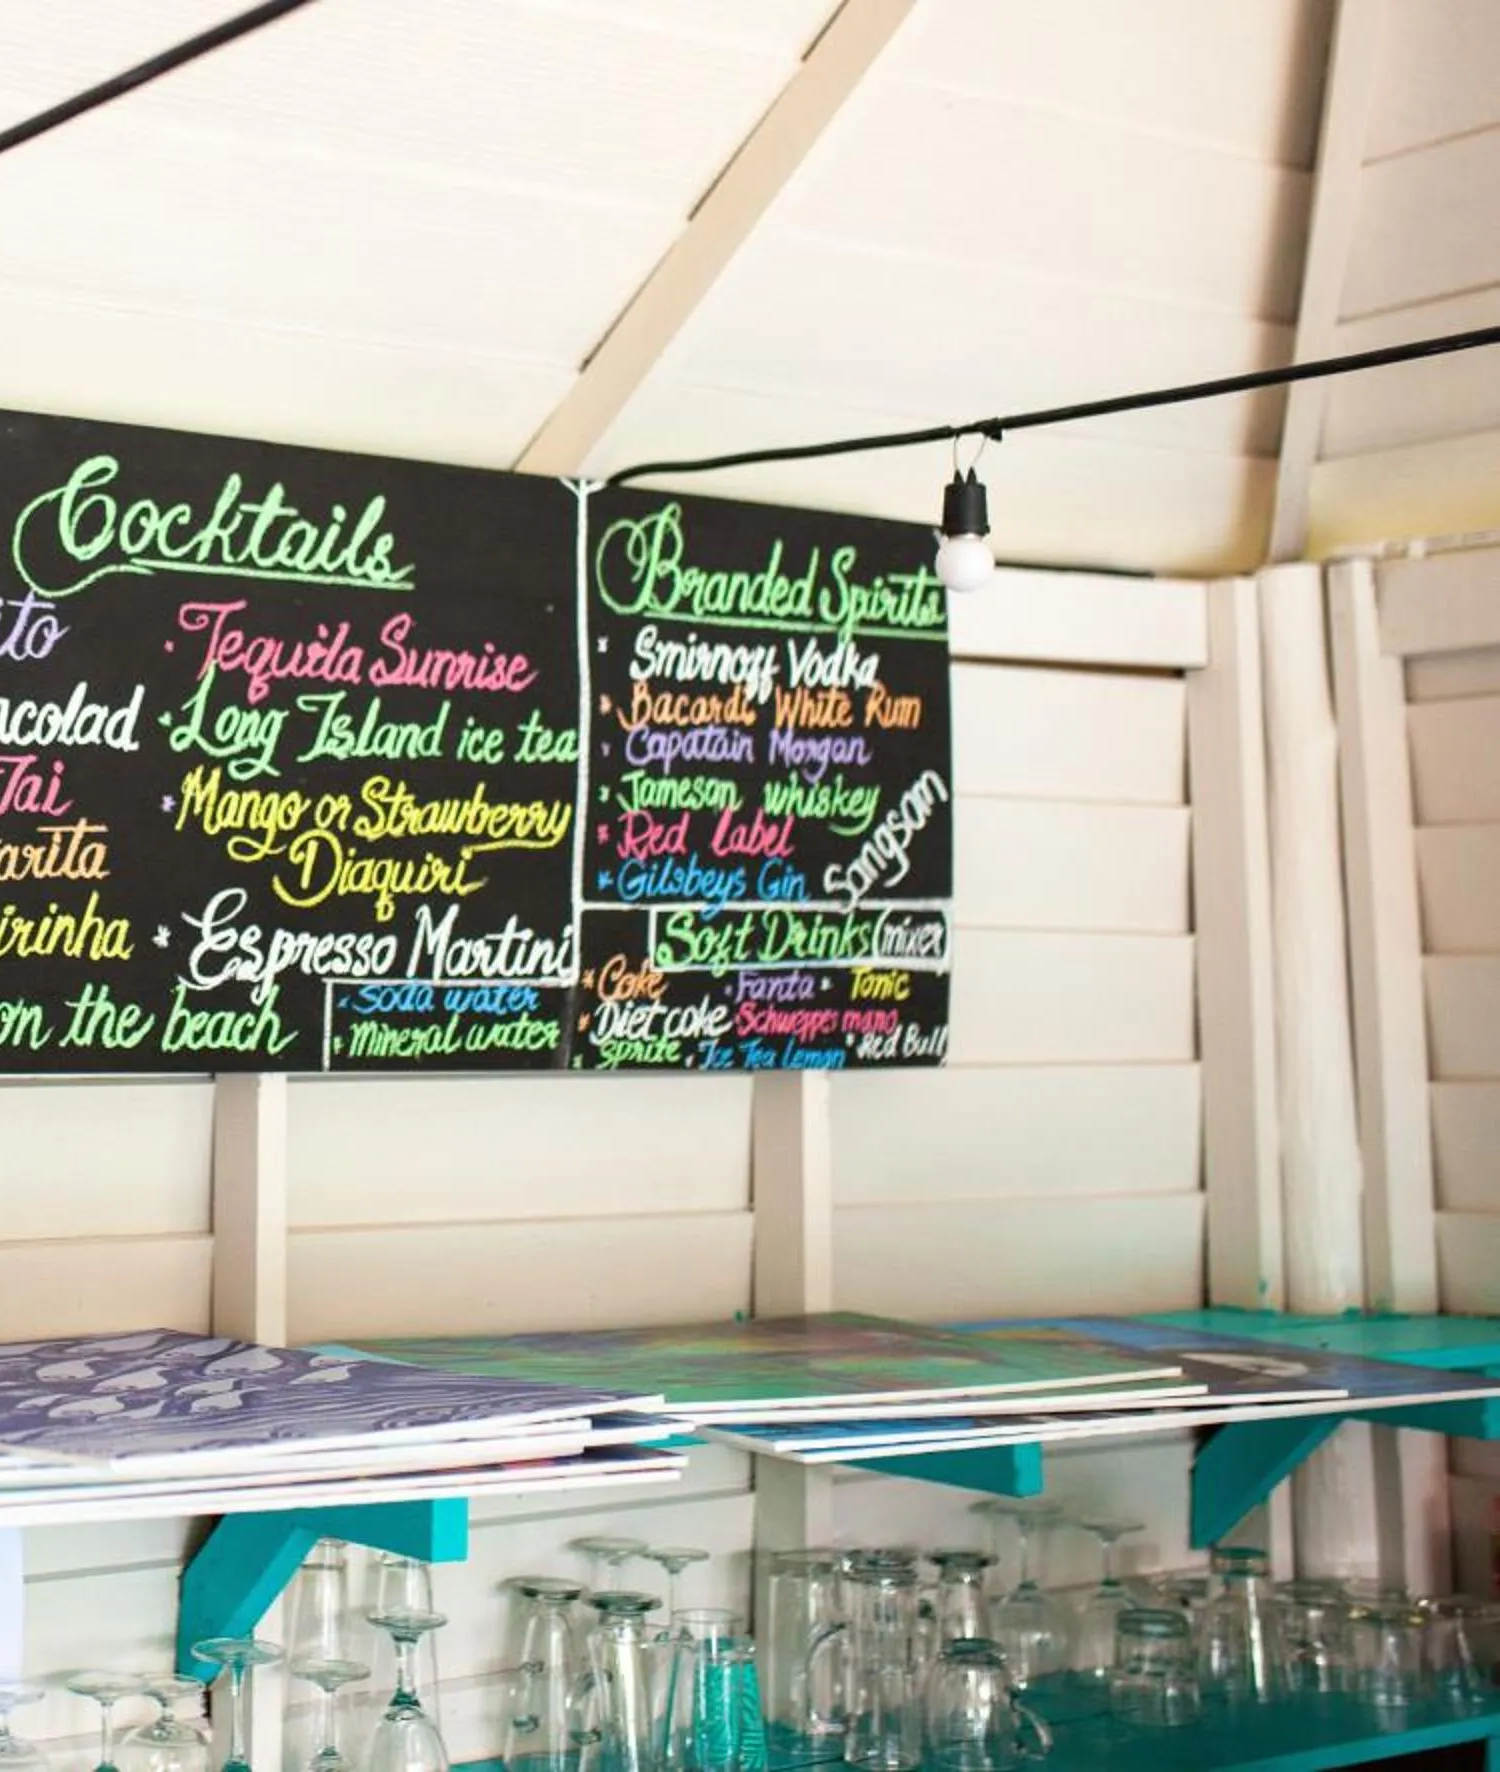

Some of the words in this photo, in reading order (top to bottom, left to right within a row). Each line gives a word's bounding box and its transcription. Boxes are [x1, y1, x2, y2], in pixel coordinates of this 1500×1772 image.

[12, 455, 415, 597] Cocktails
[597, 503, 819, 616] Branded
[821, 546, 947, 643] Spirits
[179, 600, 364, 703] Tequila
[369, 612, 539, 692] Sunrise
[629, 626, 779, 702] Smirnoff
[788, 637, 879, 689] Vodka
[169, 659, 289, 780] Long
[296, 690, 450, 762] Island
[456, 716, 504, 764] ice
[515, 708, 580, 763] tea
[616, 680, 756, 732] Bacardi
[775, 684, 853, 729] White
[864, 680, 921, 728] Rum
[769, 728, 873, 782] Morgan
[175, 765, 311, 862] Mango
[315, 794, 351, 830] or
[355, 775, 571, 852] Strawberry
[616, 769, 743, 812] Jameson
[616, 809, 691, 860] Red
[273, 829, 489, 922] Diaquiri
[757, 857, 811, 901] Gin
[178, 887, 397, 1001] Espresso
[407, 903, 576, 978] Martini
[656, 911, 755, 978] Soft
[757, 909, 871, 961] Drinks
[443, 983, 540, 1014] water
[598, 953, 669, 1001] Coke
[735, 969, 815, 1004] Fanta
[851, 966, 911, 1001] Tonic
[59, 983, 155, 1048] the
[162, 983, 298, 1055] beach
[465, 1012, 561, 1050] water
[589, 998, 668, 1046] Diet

■ **Task item**
Repeat every record above exactly. Omit the pictures.

■ **Exercise solution**
Some of the words in this photo, in reading order (top to bottom, left to right within a row). Each line gives a word's bounding box and its transcription. Boxes are [x1, y1, x2, y2], in pixel coordinates of this 1500×1772 image.

[12, 455, 415, 597] Cocktails
[597, 503, 819, 616] Branded
[821, 546, 947, 643] Spirits
[179, 600, 364, 703] Tequila
[369, 612, 539, 692] Sunrise
[629, 626, 779, 702] Smirnoff
[788, 637, 879, 689] Vodka
[169, 659, 289, 780] Long
[296, 690, 450, 762] Island
[456, 716, 504, 764] ice
[515, 708, 580, 763] tea
[616, 680, 756, 732] Bacardi
[775, 684, 853, 729] White
[864, 680, 921, 728] Rum
[769, 728, 873, 782] Morgan
[175, 765, 311, 862] Mango
[315, 794, 351, 830] or
[355, 775, 571, 852] Strawberry
[616, 769, 743, 812] Jameson
[616, 809, 691, 860] Red
[273, 829, 489, 922] Diaquiri
[757, 857, 811, 901] Gin
[178, 887, 397, 1001] Espresso
[407, 903, 576, 978] Martini
[656, 911, 755, 978] Soft
[757, 909, 871, 961] Drinks
[443, 983, 540, 1014] water
[598, 953, 669, 1001] Coke
[735, 969, 815, 1004] Fanta
[851, 966, 911, 1001] Tonic
[59, 983, 155, 1048] the
[162, 983, 298, 1055] beach
[465, 1012, 561, 1050] water
[589, 998, 668, 1046] Diet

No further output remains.